▶ [What needs to be done]: Word for word, reproduce every record in the listing below.

★ ★ ★ ★ ★ ★ ★

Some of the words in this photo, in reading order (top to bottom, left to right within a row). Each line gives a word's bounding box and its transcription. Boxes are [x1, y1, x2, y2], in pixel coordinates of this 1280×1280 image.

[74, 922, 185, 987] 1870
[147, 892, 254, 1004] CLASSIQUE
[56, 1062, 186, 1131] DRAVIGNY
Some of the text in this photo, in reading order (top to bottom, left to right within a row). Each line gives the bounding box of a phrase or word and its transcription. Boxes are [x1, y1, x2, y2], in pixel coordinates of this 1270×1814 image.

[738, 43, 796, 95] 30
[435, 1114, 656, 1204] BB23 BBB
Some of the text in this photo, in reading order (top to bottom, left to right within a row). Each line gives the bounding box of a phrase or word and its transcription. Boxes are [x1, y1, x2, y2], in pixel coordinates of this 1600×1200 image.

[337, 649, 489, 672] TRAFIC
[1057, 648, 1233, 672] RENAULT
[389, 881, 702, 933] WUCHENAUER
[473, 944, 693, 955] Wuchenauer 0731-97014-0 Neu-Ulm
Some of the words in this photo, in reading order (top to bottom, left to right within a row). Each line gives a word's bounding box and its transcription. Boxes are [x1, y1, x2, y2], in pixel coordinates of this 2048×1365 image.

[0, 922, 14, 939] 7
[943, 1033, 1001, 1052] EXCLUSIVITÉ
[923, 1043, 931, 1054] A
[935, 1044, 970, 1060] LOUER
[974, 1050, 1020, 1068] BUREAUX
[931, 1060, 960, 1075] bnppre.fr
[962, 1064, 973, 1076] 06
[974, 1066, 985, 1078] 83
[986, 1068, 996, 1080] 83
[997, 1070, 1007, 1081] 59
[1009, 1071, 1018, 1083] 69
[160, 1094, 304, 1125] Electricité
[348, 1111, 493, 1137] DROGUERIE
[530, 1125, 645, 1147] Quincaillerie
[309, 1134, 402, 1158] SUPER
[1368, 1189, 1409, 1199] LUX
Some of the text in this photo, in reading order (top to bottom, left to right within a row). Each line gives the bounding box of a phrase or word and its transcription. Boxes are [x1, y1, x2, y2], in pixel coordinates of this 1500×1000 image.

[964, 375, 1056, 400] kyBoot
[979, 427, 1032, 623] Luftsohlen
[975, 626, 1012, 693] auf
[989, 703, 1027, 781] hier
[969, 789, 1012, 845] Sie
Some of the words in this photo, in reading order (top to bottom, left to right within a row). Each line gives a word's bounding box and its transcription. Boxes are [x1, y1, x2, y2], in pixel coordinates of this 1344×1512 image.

★ ★ ★ ★ ★ ★ ★

▶ [Solution to this task]:
Some of the words in this photo, in reading order (top to bottom, left to right within a row). Each line gives a word's bounding box and its transcription. Boxes are [x1, y1, x2, y2], in pixel coordinates of this 1280×1280 image.

[74, 922, 185, 987] 1870
[147, 892, 254, 1004] CLASSIQUE
[56, 1062, 186, 1131] DRAVIGNY
Some of the text in this photo, in reading order (top to bottom, left to right within a row). Each line gives the bounding box of a phrase or word and its transcription. Boxes are [x1, y1, x2, y2], in pixel coordinates of this 1270×1814 image.

[738, 43, 796, 95] 30
[435, 1114, 656, 1204] BB23 BBB
Some of the text in this photo, in reading order (top to bottom, left to right within a row). Each line gives the bounding box of a phrase or word and its transcription. Boxes are [x1, y1, x2, y2], in pixel coordinates of this 1600×1200 image.

[337, 649, 489, 672] TRAFIC
[1057, 648, 1233, 672] RENAULT
[389, 881, 702, 933] WUCHENAUER
[473, 944, 693, 955] Wuchenauer 0731-97014-0 Neu-Ulm
Some of the words in this photo, in reading order (top to bottom, left to right within a row). Each line gives a word's bounding box and its transcription. Boxes are [x1, y1, x2, y2], in pixel coordinates of this 2048×1365 image.

[0, 922, 14, 939] 7
[943, 1033, 1001, 1052] EXCLUSIVITÉ
[923, 1043, 931, 1054] A
[935, 1044, 970, 1060] LOUER
[974, 1050, 1020, 1068] BUREAUX
[931, 1060, 960, 1075] bnppre.fr
[962, 1064, 973, 1076] 06
[974, 1066, 985, 1078] 83
[986, 1068, 996, 1080] 83
[997, 1070, 1007, 1081] 59
[1009, 1071, 1018, 1083] 69
[160, 1094, 304, 1125] Electricité
[348, 1111, 493, 1137] DROGUERIE
[530, 1125, 645, 1147] Quincaillerie
[309, 1134, 402, 1158] SUPER
[1368, 1189, 1409, 1199] LUX
Some of the text in this photo, in reading order (top to bottom, left to right within a row). Each line gives the bounding box of a phrase or word and its transcription. Boxes are [x1, y1, x2, y2], in pixel coordinates of this 1500×1000 image.

[964, 375, 1056, 400] kyBoot
[979, 427, 1032, 623] Luftsohlen
[975, 626, 1012, 693] auf
[989, 703, 1027, 781] hier
[969, 789, 1012, 845] Sie
Some of the words in this photo, in reading order (top to bottom, left to right within a row). Each line gives a word's bounding box and its transcription. Boxes are [x1, y1, x2, y2], in pixel coordinates of this 1344×1512 image.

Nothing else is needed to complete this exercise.